This is one of those books where I actually really feel sorry about giving it a low rating… There were some parts that I found really enjoyable, the language was absolutely beautiful at times, the descriptions were almost tangible, but… It just wasn’t a story for my taste. If it wouldn’t have been for my book club, I surely wouldn’t have picked it up. Within these circumstances though, I decided to give it a try. In the end, I actually happened to have a really good gut feeling about it before having started – I simply didn’t enjoy it due to personal preferences. The story of the drugged-up life of two Irish, 50+ year old men, speaking a lot of Irish slang simply didn’t appeal to me.
“They drank too much and too late. They fought with venom and skill. They smoked rock cocaine. They fought like drunk gorillas. Gràcia was not what it had been even five years previously. There was no longer good heroin.” (p. 160)

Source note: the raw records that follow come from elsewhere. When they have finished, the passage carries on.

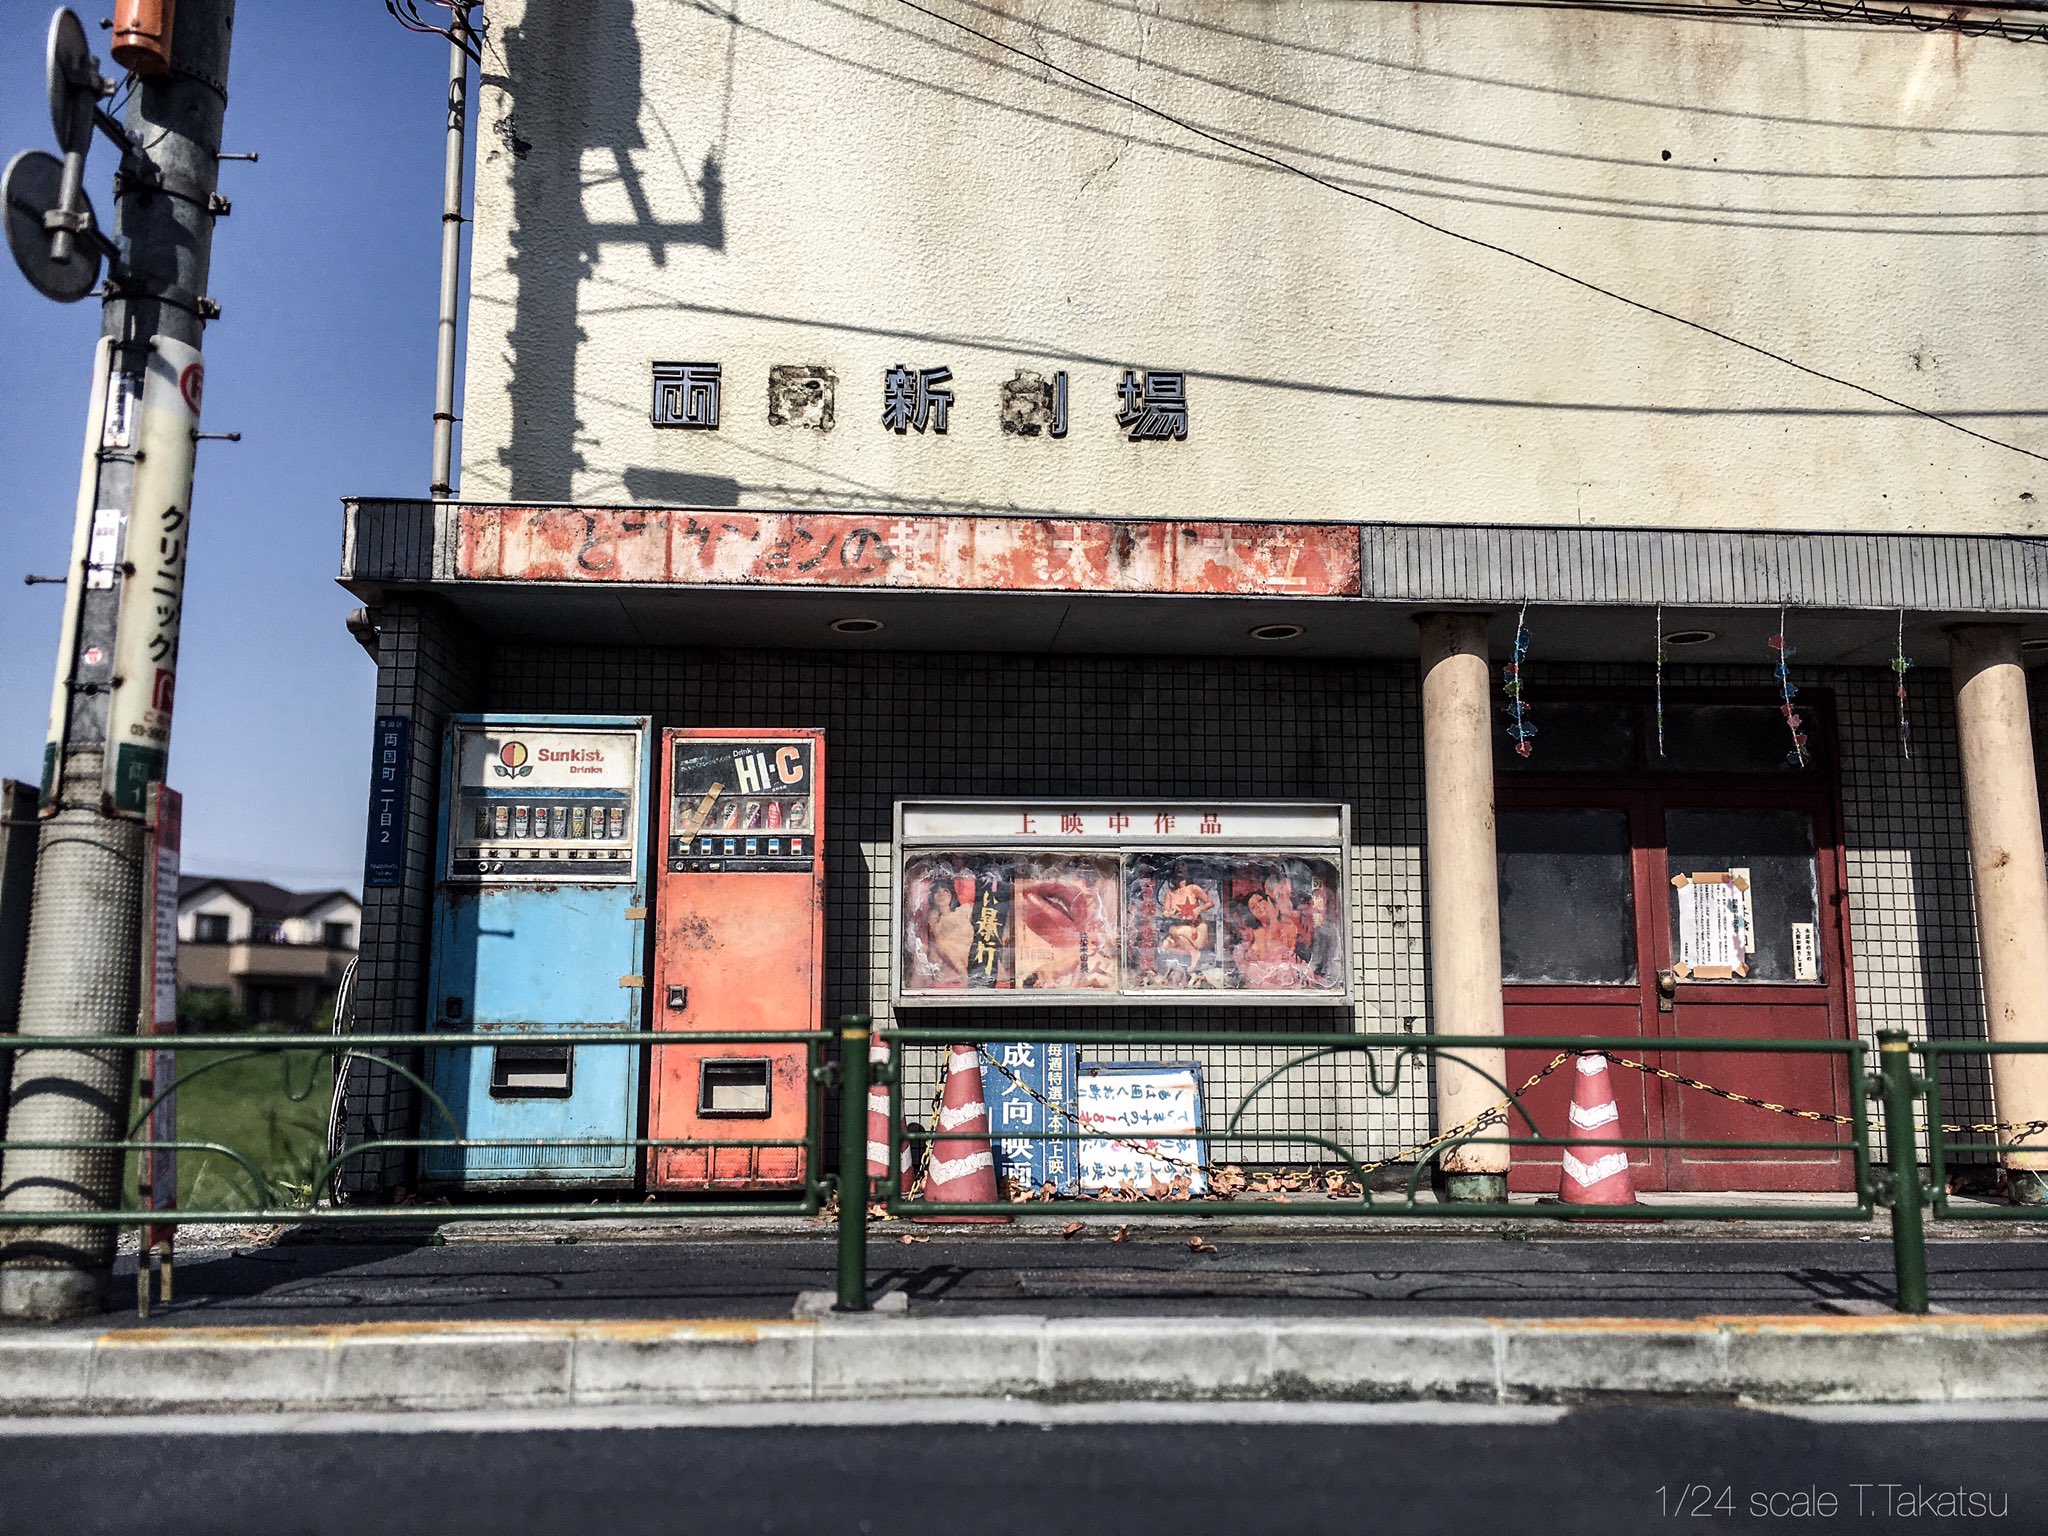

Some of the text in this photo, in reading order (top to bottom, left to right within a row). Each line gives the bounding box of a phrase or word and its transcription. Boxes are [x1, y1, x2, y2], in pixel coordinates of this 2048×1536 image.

[651, 360, 1188, 440] 両新場
[149, 505, 186, 662] クリニック
[537, 748, 605, 762] Sunkist
[733, 748, 753, 758] Drink
[1015, 812, 1222, 835] 上映中作品

Why not the lowest rating, but still the 2/5 ★ then? I’ll include some quotes which illustrate the writing perfectly and which make the book deserving of an additional star rating. There was something absolutely lyrical and poetic about certain passages, making me wish there was a bigger part of the book filled with them.
“At the Café Central, the Plaza de la Constitución, he drank café solo and waited. Around him there was the ceaseless hum of the old Andalusians’ talk. They balled up their napkins and threw them on the floor. The old man spat, narrowing their faces. Their skins of almond shape. The air was blue with cigarette smoke that rose in slow drifts. The old ladies wore ankle-length fur coats for the winter sun. […] The coffee machines laughed and spat also.” (p. 31)
The author definitely has a talent for putting together a special kind of mood and atmosphere. He has a distinct and recognisable kind of style. The story unfolds in a gentle kind of way, unveiling itself like a puzzle piece, more and more visibility being given to the characters with each little piece added. Since I have read this book in October, here another little description that seasonally fits to the current moment:
“October. The month of slant beauty. Knives of melancholy flung in silvers from the sea. The mountains dreamed of the winter soon to come. The morning sounded hoarsely from the caverns of the bay. The birds were insane again. ” (p. 198)
There was about a dozen of such descriptions that stood out to me and that I have highlighted. Even for those, I could see myself going back to the book, even if in total, I haven’t necessarily enjoyed it. If you’re not particularly into stories about drug dealers either, I would suggest you to start with another book of the author’s if you want to get to know his writing (even though the “Night Boat to Tangier” has been long listed for the booker prize, I feel like there must be some more captivating books out there by Mr. Barry).